David S. Bouschor

Board Certified Family Law
Texas Board of Legal Specialization
(940)323-1300

We Offer Legal Services In:

Law Offices of
David S. Bouschor II

217 E. Oak Street
Denton, Texas 76201
(940)323-1300
(940)323-1400 (fax)
(877)592-1300 (toll free)

General Information About Family Law

The following are guidelines for general information purposes and are not a substitute for specific legal advice.

Texas Family Code

The Family Code is the body of law that governs all causes of action for divorce, child custody and support, property division, modification, adoption, termination of parent-child relationship, and other family law matters. However, the laws of real estate, corporations, contracts, commercial transactions, personal injury, and other areas must be considered. Never assume that your family law matter is "simple".

Jurisdiction:

Divorce

Generally, a Texas court has jurisdiction over a divorce if the person seeking divorce has been 'domiciled' within the State for the six months, and 'resided' in the county in which suit is filed, for the 90 days preceding the date of filing of a divorce petition.

Suit Affecting Parent-Child Relationship(SAPCR)

Jurisdiction over any suit involving children, whether as part of a divorce, modification of a prior court order, or adoption, generally lies in the County where the children have lived for the preceding six months, but significant additional considerations apply. There are exceptions to these rules, so discuss this issue with your Attorney if you think there is a problem.

Divorce in General

Divorce Grounds

Texas is generally a "no-fault" divorce state. Sufficient grounds exist for granting a divorce if one party feels that the marriage has become 'insupportable' because of personality conflict or discord (incompatibility) to the point where there is no reasonable expectation of reconciliation. There are other grounds, such as adultery, abandonment, or cruelty, but are not alleged except in the most egregious cases. Your Attorney will advise you if another ground should be alleged in addition to insupportability.

Duration of a Divorce

A divorce cannot be granted until the petition has been on file for 60 days. This is the minimum waiting period. The average divorce takes longer than 60 days to conclude because of the numerous issues that must be resolved, complexity of property division, as well as ensuring that you have sufficient information to make an informed decision about your case. Your Attorney will usually be able to give you a rough estimate of the time required after becoming thoroughly familiar with your case.

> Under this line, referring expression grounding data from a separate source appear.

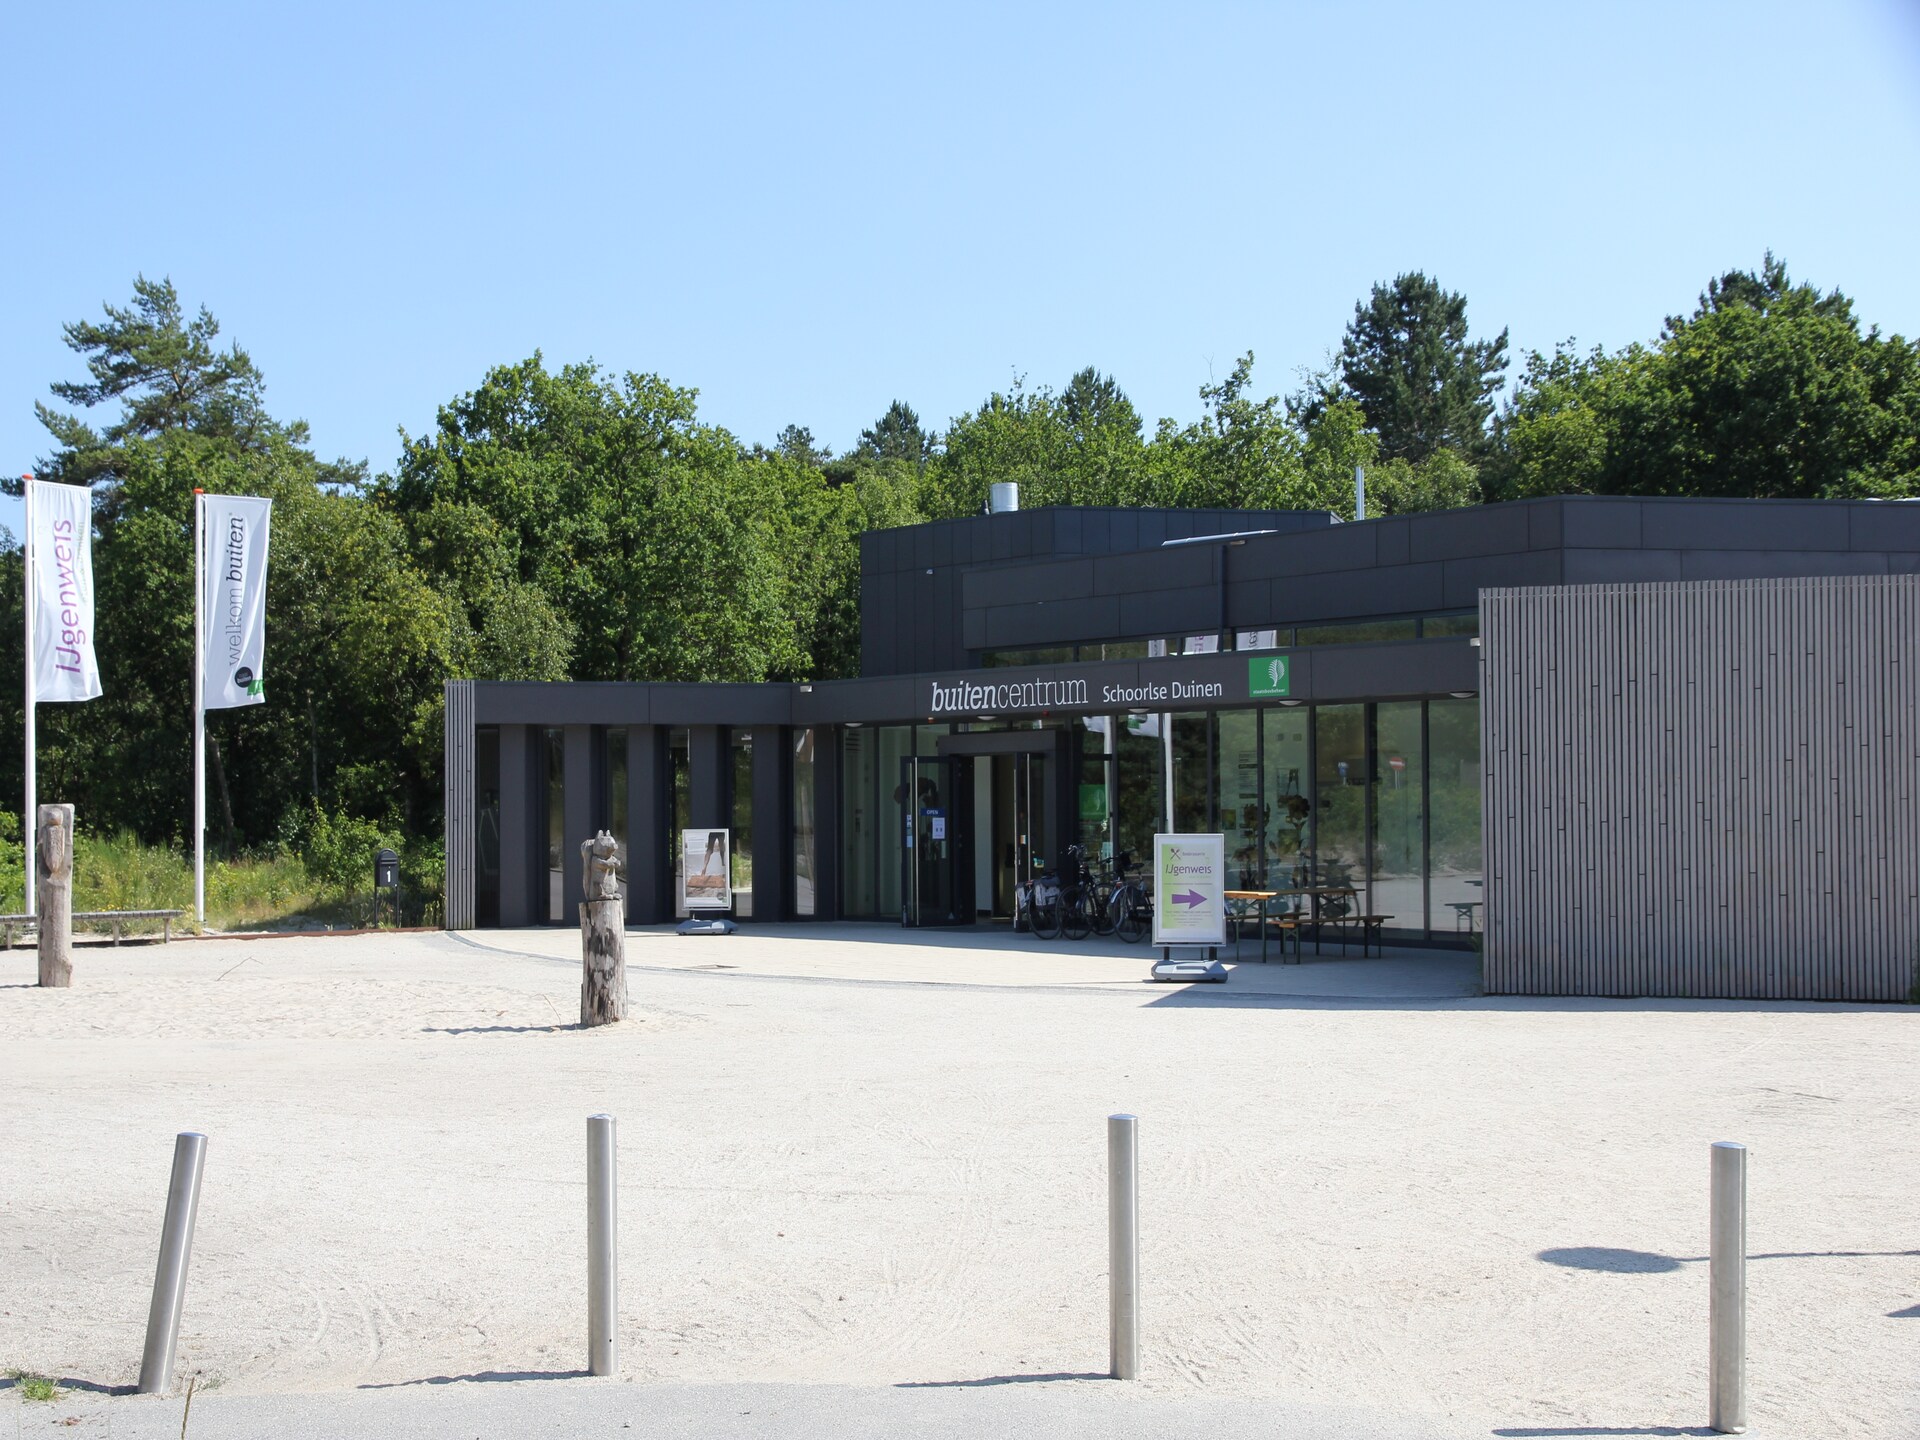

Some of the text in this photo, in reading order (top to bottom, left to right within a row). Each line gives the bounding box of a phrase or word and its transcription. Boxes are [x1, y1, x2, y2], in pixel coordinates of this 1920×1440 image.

[54, 519, 86, 673] IJgenweis
[226, 517, 244, 667] welkom buiten
[931, 677, 1089, 712] buitencentrum
[1103, 680, 1222, 703] Schoorlse Duinen
[386, 870, 391, 883] 1
[1165, 864, 1212, 876] IJgenweis
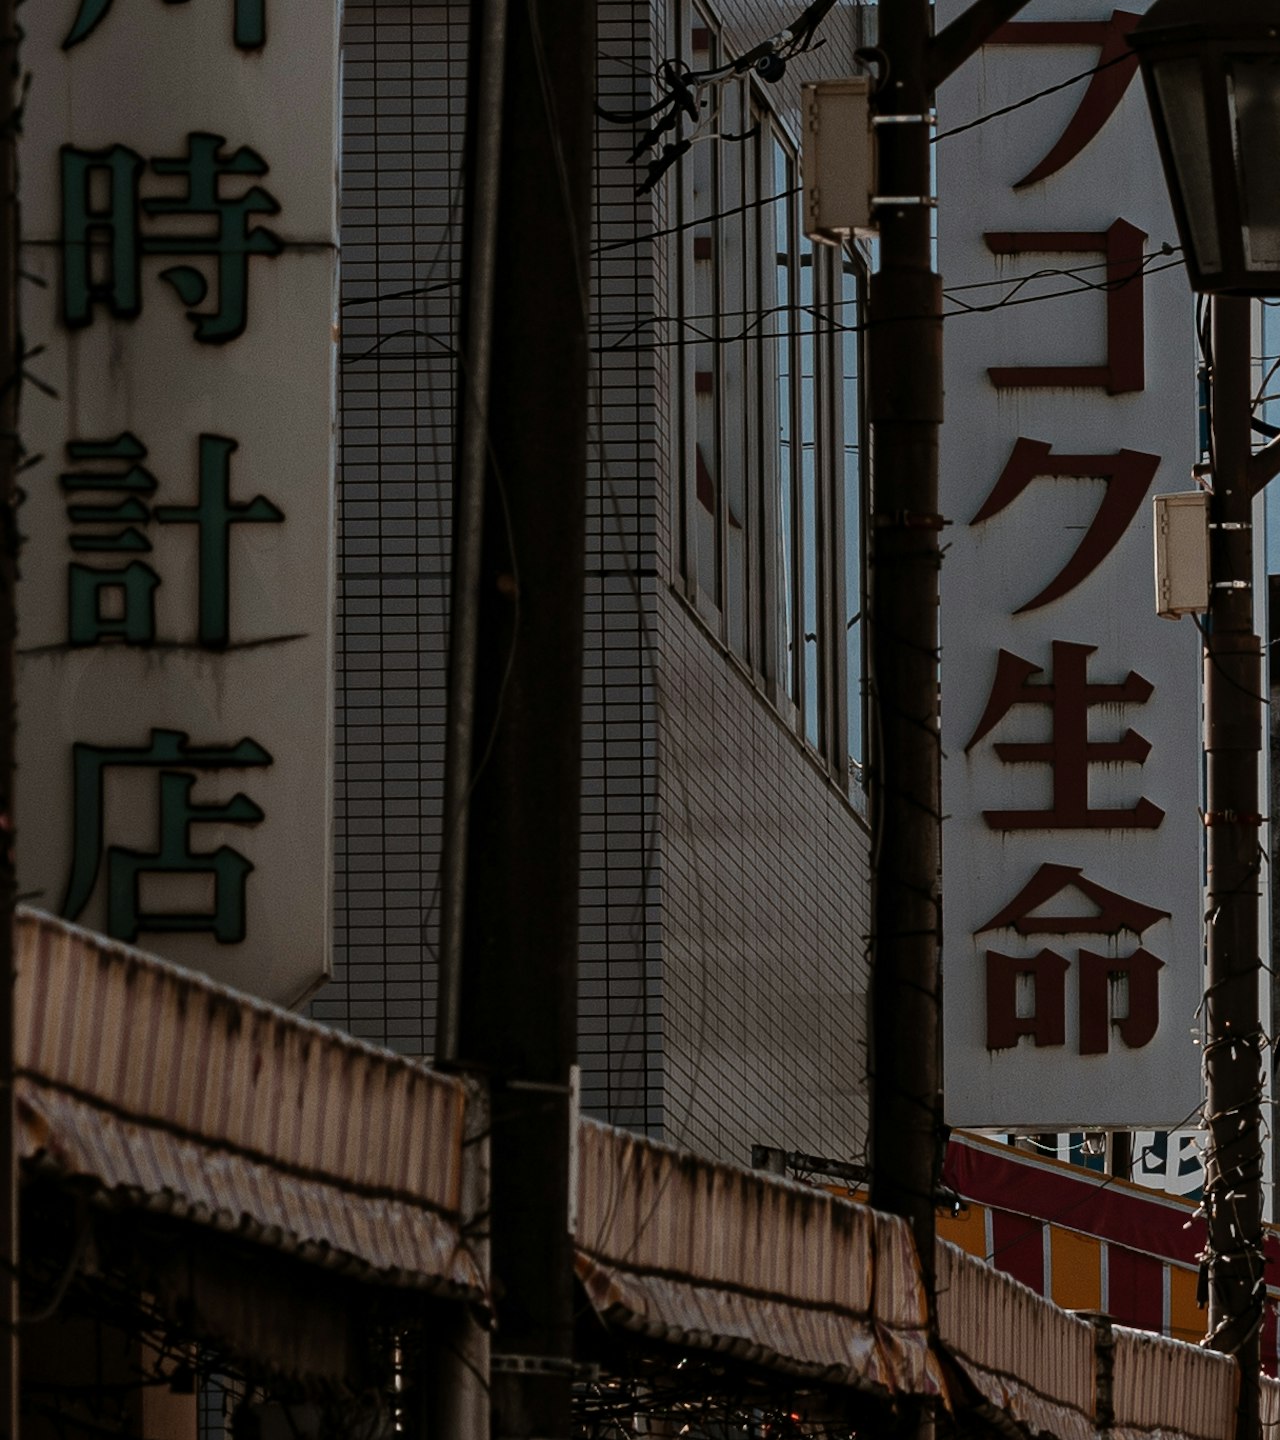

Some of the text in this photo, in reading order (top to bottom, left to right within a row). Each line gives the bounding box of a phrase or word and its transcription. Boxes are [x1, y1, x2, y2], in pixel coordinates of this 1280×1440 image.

[965, 9, 1172, 1055] フコク生命

Modification of Orders Regarding Children

To modify a prior court order regarding children, the Movant must prove a change in circumstances of the parents or children since the rendition of the prior order. There are several other significant requirements for each type of modification, i.e custody, support, visitation, etc.

Enforcement of Court Orders

To enforce the terms of a court order, the order itself must be very specific about the obligations to be enforced, and the proof of violations must be very clear. Therefore, enforcement proceedings may not always be as easy as you think; your attorney will review these aspects of the case and advise you if a clarification or modification of the prior order is advisable.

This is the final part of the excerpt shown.